P2Y1 and thromboxane-prostanoid–α (TPα) receptors on platelets belong to the G-protein–coupled 7–transmembrane domain family. They transmit signals for shape change, mobilization of calcium, and platelet aggregation. Immunogold labeling with a monoclonal antibody (MoAb) to the amino-terminal domain of P2Y1 and a polyclonal antibody to the C-terminal domain of TPα revealed that while present at the platelet surface, both receptors were abundantly represented inside the platelet. Specifically, receptors were found in membranes of α-granules and elements of the open-canalicular system. A similar organization was found in mature megakaryocytes.
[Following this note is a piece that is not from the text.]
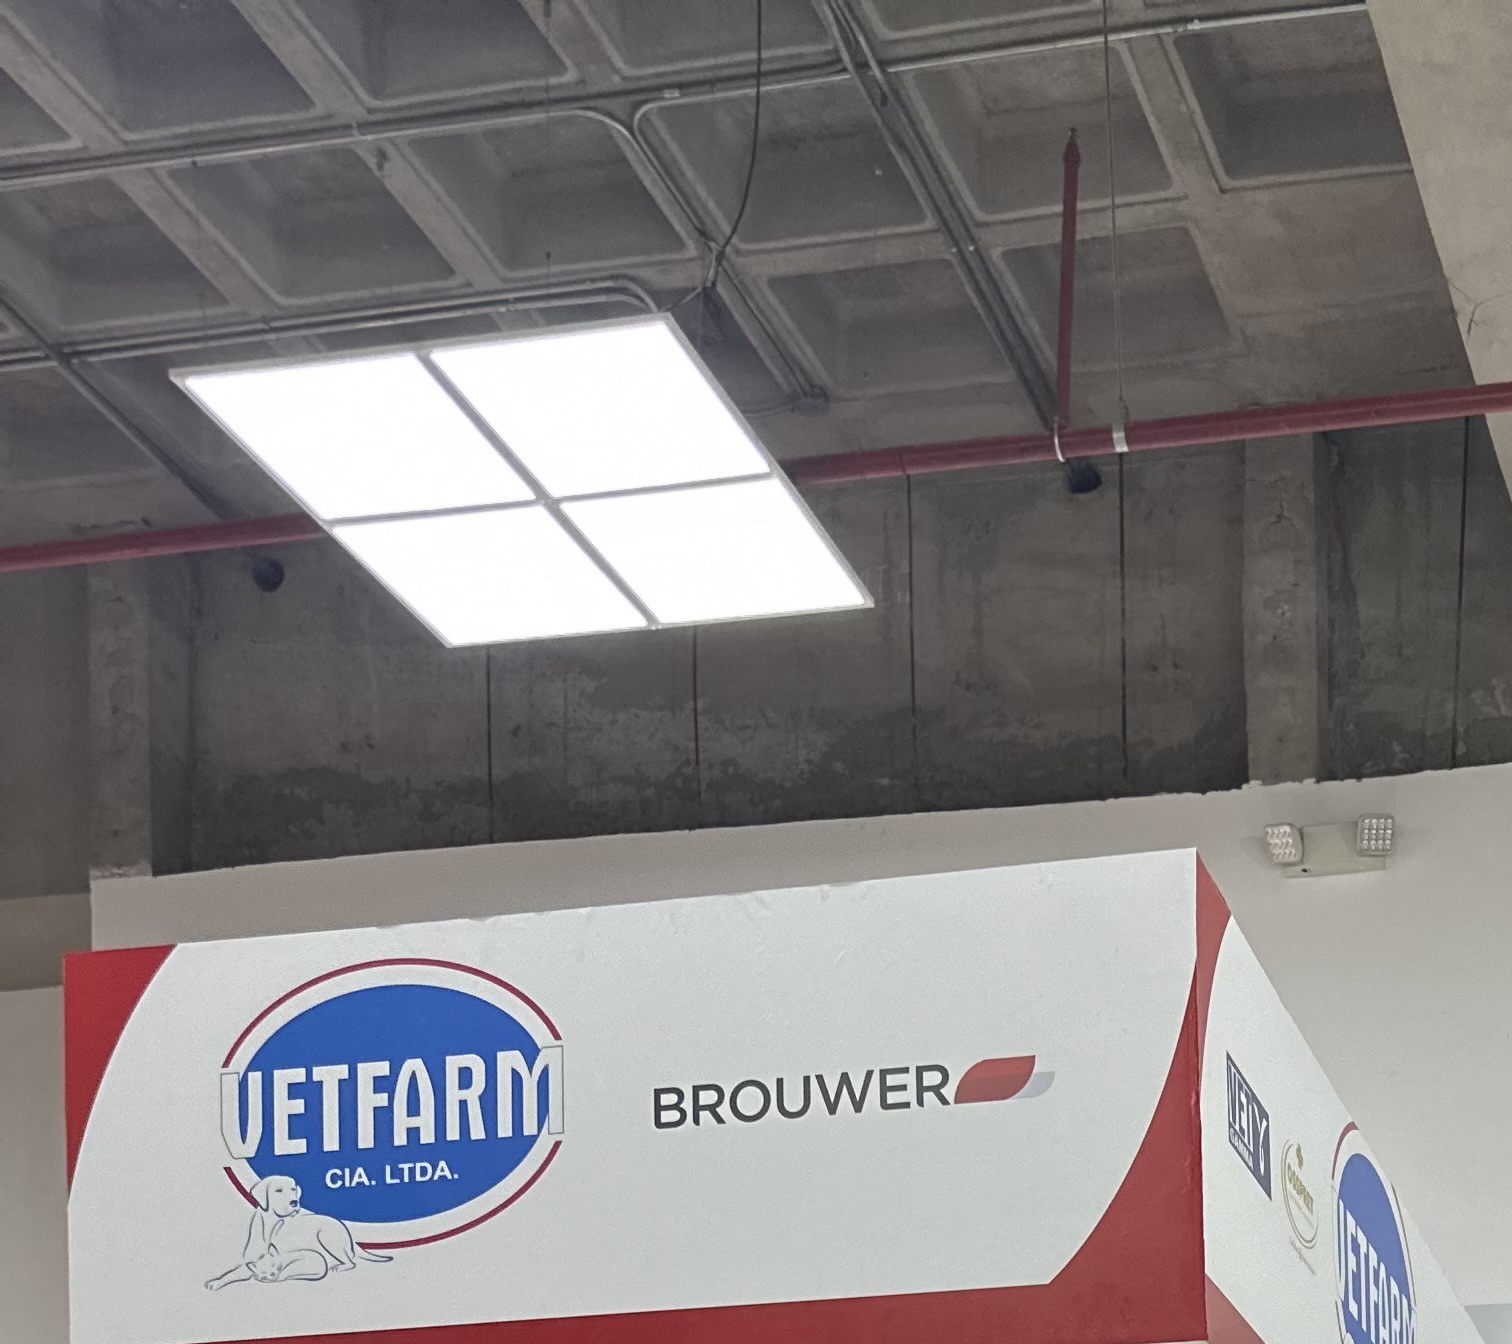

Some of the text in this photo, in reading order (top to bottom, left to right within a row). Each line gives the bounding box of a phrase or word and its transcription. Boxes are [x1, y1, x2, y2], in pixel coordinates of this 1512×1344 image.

Activation of platelets by adenosine diphosphate (ADP) and the thromboxane A2(TXA2) analog, I-BOP [1S-(1 α,2 β(5Z),3 α-(1E,3S)4 α)-7-(3-(3- hydroxy-4-(p-iodophenoxy)-1-butenyl)-7-oxabicyclo(2.2.1)hept-2-yl)-5-heptenoic acid], increased the labeling of both P2Y1 and TPα at the surface and in intracellular pools, suggesting that activation resulted in greater antibody accessibility to the receptor. A return to a platelet discoid shape and to basal values of labeling accompanied receptor desensitization. Platelets lacking the P2Y12 ADP receptor normally expressed P2Y1 and TPα, both before and after activation. Studies with the anti–ligand-induced binding site (anti-LIBS) MoAb, AP-6, confirmed that stored fibrinogen associated with internal pools of αIIbβ3 at the start of secretion in a microenvironment containing agonist receptors. Pharmacologic antagonism of ADP or TXA2 receptors in antithrombotic therapy may need to take into account blockade of internal receptor pools.